**** Input for this task ****

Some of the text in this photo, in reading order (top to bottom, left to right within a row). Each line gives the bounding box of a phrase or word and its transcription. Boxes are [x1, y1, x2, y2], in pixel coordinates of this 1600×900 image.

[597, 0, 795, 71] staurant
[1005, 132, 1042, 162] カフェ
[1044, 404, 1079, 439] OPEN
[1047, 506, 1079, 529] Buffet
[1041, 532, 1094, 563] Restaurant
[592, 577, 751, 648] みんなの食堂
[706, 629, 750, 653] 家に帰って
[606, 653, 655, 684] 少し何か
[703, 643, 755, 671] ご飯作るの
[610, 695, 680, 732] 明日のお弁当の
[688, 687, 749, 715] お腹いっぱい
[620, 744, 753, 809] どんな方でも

****

§ Exercise description:
The output should restate the data exactly, with no line missing.

§ Solution below:
Some of the text in this photo, in reading order (top to bottom, left to right within a row). Each line gives the bounding box of a phrase or word and its transcription. Boxes are [x1, y1, x2, y2], in pixel coordinates of this 1600×900 image.

[597, 0, 795, 71] staurant
[1005, 132, 1042, 162] カフェ
[1044, 404, 1079, 439] OPEN
[1047, 506, 1079, 529] Buffet
[1041, 532, 1094, 563] Restaurant
[592, 577, 751, 648] みんなの食堂
[706, 629, 750, 653] 家に帰って
[606, 653, 655, 684] 少し何か
[703, 643, 755, 671] ご飯作るの
[610, 695, 680, 732] 明日のお弁当の
[688, 687, 749, 715] お腹いっぱい
[620, 744, 753, 809] どんな方でも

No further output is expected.